Le projet GALAAD est consacré aux algorithmes algèbriques et géométriques et à leurs applications. Il se propose de rechercher des méthodes exactes et numériques pour le traitement de problèmes polynomiaux, de développer des outils logiciels adaptés, et de les appliquer dans différents domaines où apparaissent de tels problèmes, comme les robots parallèles, la vision, le traitement du signal, la géométrie des molécules. L'interaction constante entre algorithmiques, techniques d'implémentation et applications des méthodes est au coeur des activités de l'équipe.

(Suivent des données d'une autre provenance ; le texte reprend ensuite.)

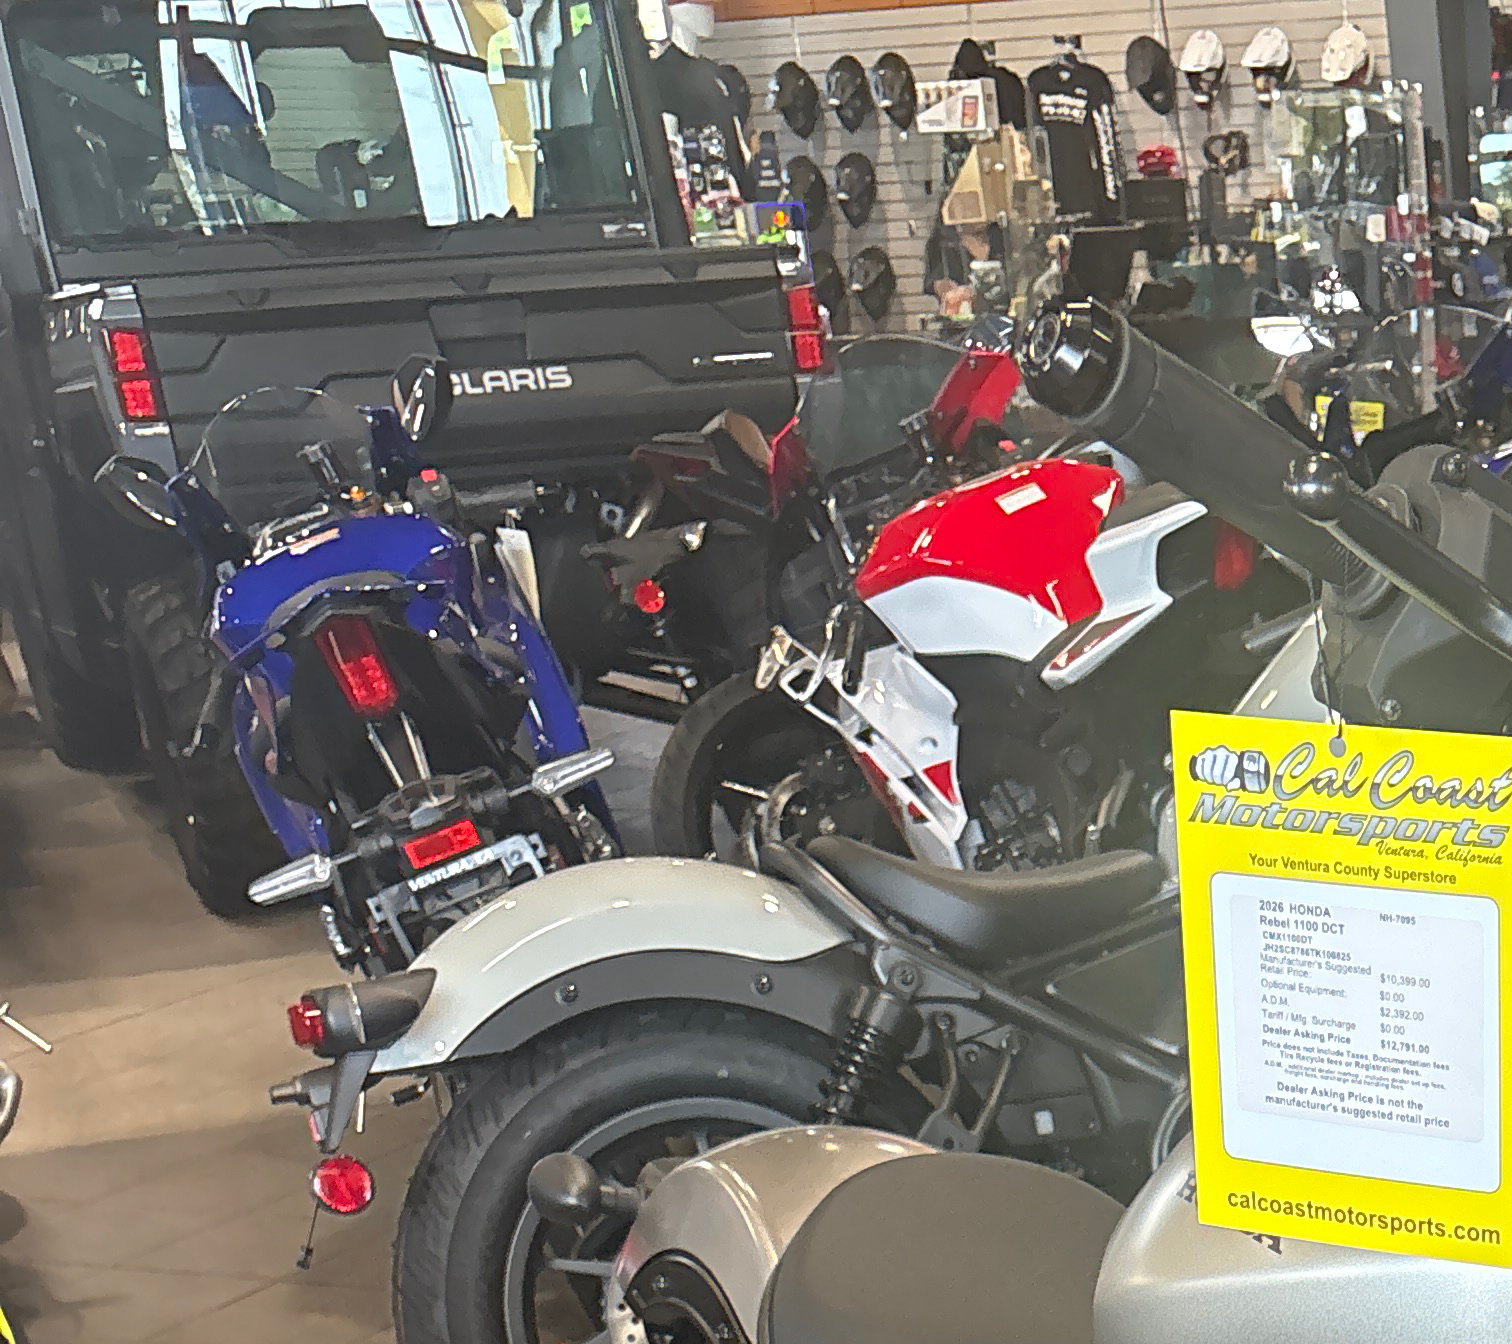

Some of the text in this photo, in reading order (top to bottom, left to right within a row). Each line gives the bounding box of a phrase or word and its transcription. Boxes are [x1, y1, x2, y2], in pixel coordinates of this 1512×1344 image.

[450, 365, 573, 396] LARIS
[1273, 742, 1369, 801] Cal
[1188, 791, 1512, 849] Motorsports
[1375, 840, 1504, 868] Ventura, California
[1248, 853, 1457, 885] Your Ventura County Superstore
[1259, 899, 1332, 919] 2026 HONDA
[1259, 914, 1345, 935] Rebel 1100 DCT
[1260, 951, 1372, 977] Manufacturer's Suggested
[1260, 963, 1285, 975] Retail
[1260, 977, 1296, 991] Optional
[1380, 972, 1431, 989] $10,399.00
[1379, 990, 1405, 1003] $0.00
[1311, 1015, 1357, 1032] Surcharge
[1379, 1006, 1424, 1022] $2,392.00
[1262, 1023, 1352, 1045] Dealer Asking Price
[1379, 1022, 1406, 1036] $0.00
[1262, 1039, 1281, 1050] Price
[1316, 1046, 1345, 1058] include
[1372, 1053, 1432, 1069] Documentation
[1380, 1038, 1430, 1055] $12,791.00
[1280, 1050, 1294, 1060] Tire
[1295, 1052, 1325, 1065] Recycle
[1354, 1060, 1401, 1073] Registration
[1276, 1080, 1424, 1111] Dealer Asking Price is not the
[1265, 1095, 1450, 1128] manufacturer's suggested retail price
[1227, 1190, 1502, 1246] calcoastmotorsports.com

Parmi celles-ci, mentionnons :

  • algorithmique algébrique : élimination de variables, théorie des résidus algébriques, bezoutiens, résultants creux, variétés toriques ;
  • algorithmes en géométrie discrète pour exploiter la structure creuse des équations polynomiales : enveloppe connexe, polyèdre de Newton, volume des polytopes convexes et volume mixte, subdivision polyèdrique.
  • résolution exacte ou approchée d'équations et de systèmes polynomiaux : algèbre linéaire pour les polynômes - matrices structurées - fiabilité numérique ;
  • implémentation et application à des problèmes de robotique (robot parallèle), de vision (calibration, reconstruction 3D), de biologie moléculaire (reconstruction), de traitement du signal.

MARELLE (Logiciel et mathématiques)

Le projet MARELLE s'intéresse au développement de programmes corrects à partir de descriptions mathématiques des données, algorithmes, propriétés des objets mathématiques et des preuves de ces propriétés, en utilisant et éventuellement en étendant les outils fournis par le calcul des constructions inductives.

La réalisation de l'objectif du projet passe par trois grands thèmes :

  • la formalisation de théories mathématiques suffisamment large pour couvrir tous les objets mathématiques manipulés dans les programmes de calcul scientifique, par exemple les structures algébriques de groupes, anneaux, corps, espaces vectoriels ;
  • le développement d'outils facilitant le travail de preuve et permettant l'acquisition des compétences nécessaires par des mathématiciens et des ingénieurs ;
  • la form alisation d'algorithmes reconnus pour leur utilité dans le calcul scientifique : calcul sur les polynômes, les équations booléennes.